WORK TASK:
Transcribe all records, preserving every character.

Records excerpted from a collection

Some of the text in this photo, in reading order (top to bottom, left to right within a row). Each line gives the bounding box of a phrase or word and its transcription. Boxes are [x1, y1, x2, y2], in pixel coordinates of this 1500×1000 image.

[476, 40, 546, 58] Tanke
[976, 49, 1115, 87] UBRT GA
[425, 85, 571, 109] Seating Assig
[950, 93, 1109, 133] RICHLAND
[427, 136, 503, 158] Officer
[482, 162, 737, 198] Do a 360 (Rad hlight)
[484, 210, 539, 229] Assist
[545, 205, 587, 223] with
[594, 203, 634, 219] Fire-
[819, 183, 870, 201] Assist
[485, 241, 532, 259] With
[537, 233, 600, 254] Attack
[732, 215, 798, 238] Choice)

REPLY:
Some of the text in this photo, in reading order (top to bottom, left to right within a row). Each line gives the bounding box of a phrase or word and its transcription. Boxes are [x1, y1, x2, y2], in pixel coordinates of this 1500×1000 image.

[476, 40, 546, 58] Tanke
[976, 49, 1115, 87] UBRT GA
[425, 85, 571, 109] Seating Assig
[950, 93, 1109, 133] RICHLAND
[427, 136, 503, 158] Officer
[482, 162, 737, 198] Do a 360 (Rad hlight)
[484, 210, 539, 229] Assist
[545, 205, 587, 223] with
[594, 203, 634, 219] Fire-
[819, 183, 870, 201] Assist
[485, 241, 532, 259] With
[537, 233, 600, 254] Attack
[732, 215, 798, 238] Choice)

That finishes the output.